Task description:
Retype the data below exactly, skipping pictures.

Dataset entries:

• • •

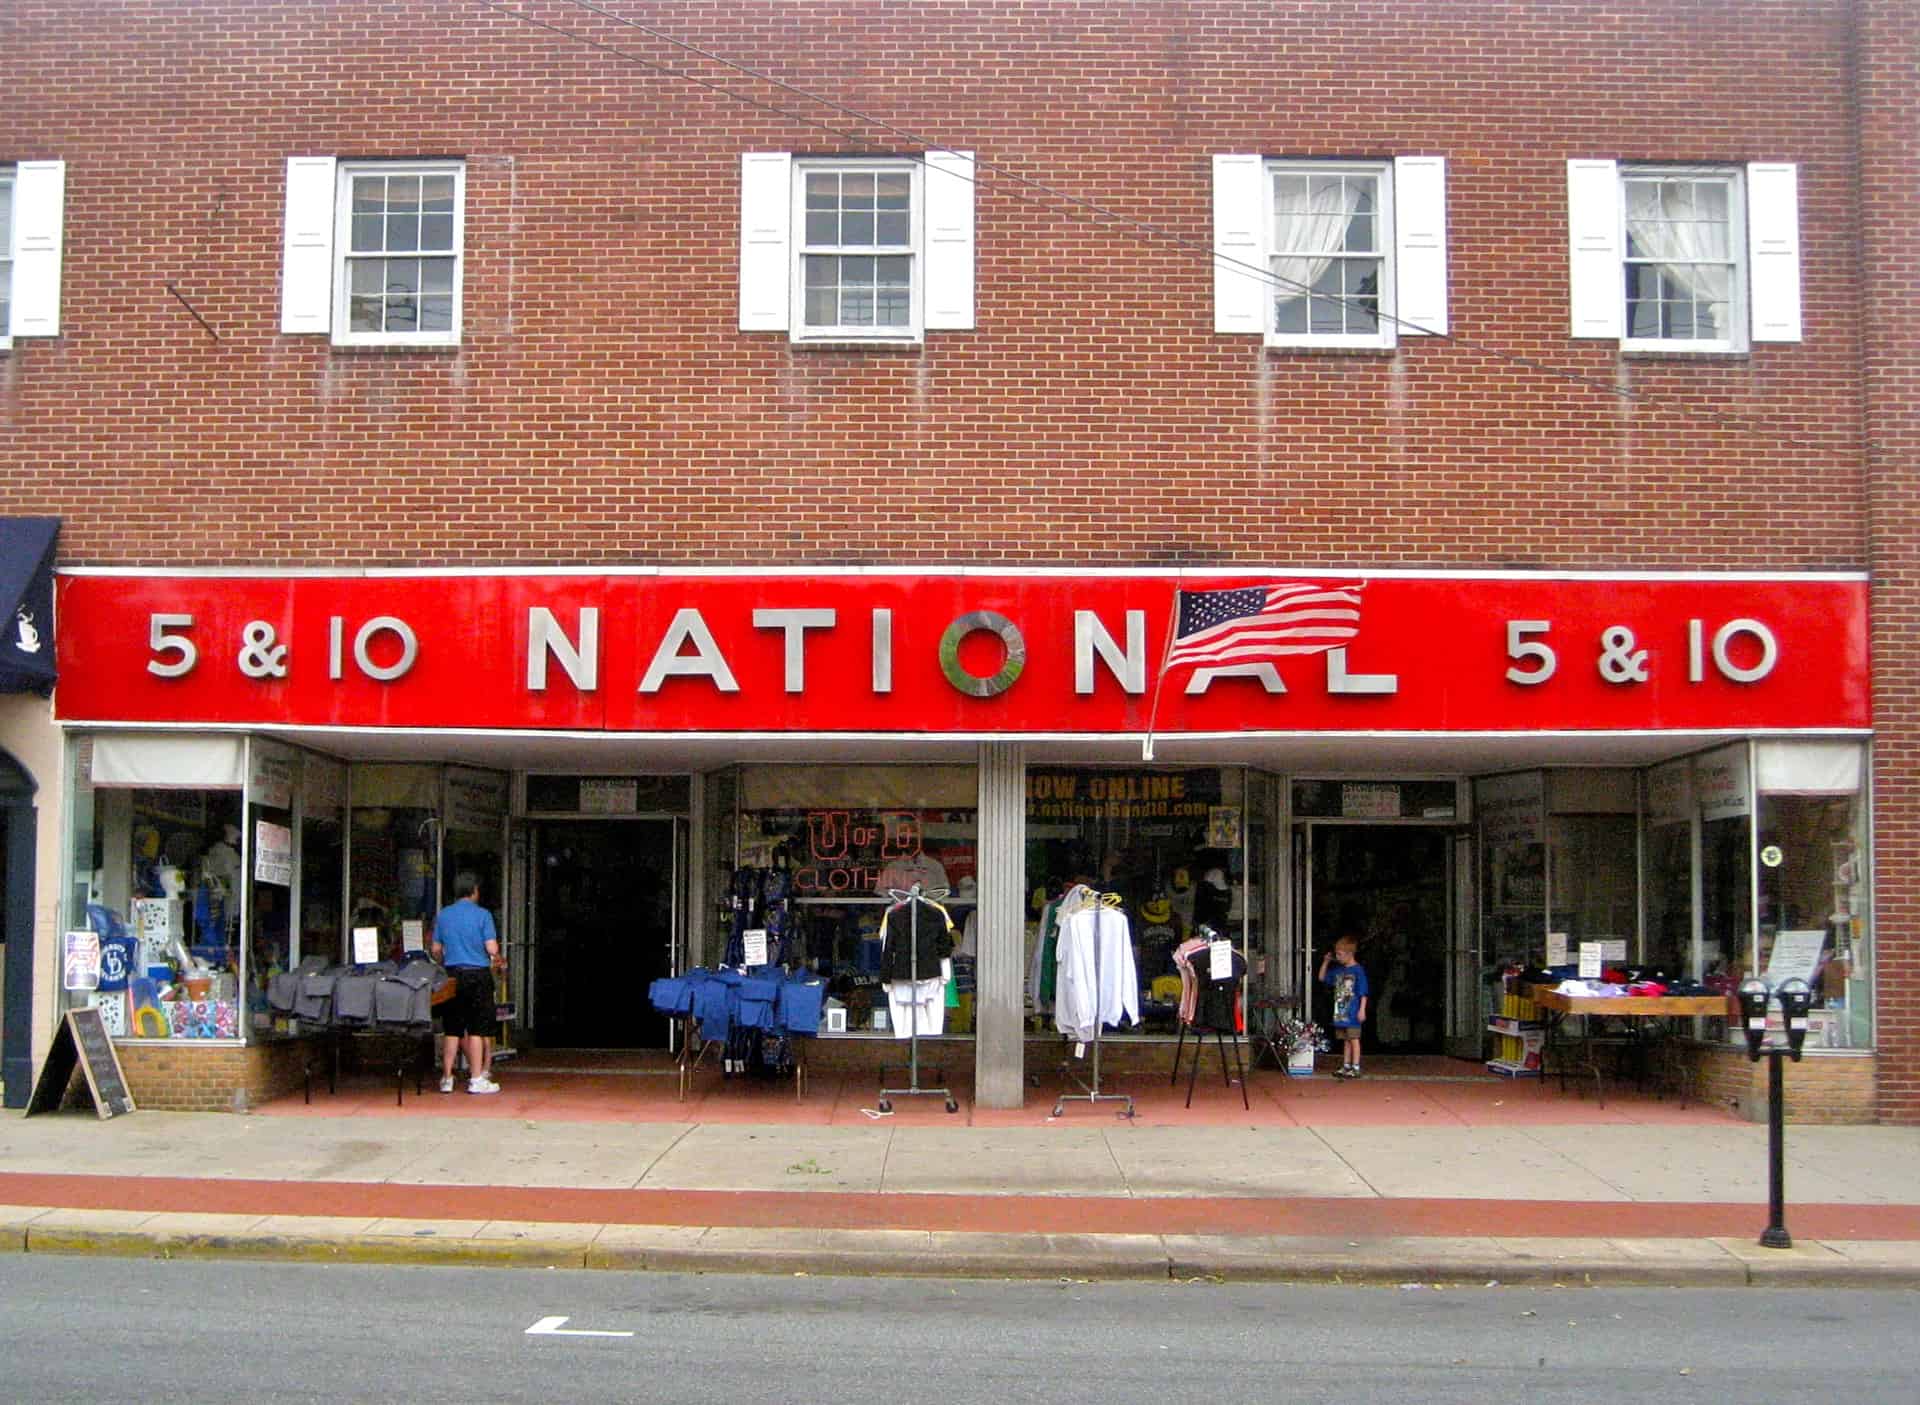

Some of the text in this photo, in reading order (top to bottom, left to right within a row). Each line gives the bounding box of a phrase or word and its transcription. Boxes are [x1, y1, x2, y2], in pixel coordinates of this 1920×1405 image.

[147, 613, 417, 681] 5 & 10
[1507, 618, 1778, 685] 5 & 10
[1089, 776, 1185, 800] ONLINE
[808, 811, 922, 861] U OF D

• • •

Exercise output:
Some of the text in this photo, in reading order (top to bottom, left to right within a row). Each line gives the bounding box of a phrase or word and its transcription. Boxes are [x1, y1, x2, y2], in pixel coordinates of this 1920×1405 image.

[147, 613, 417, 681] 5 & 10
[1507, 618, 1778, 685] 5 & 10
[1089, 776, 1185, 800] ONLINE
[808, 811, 922, 861] U OF D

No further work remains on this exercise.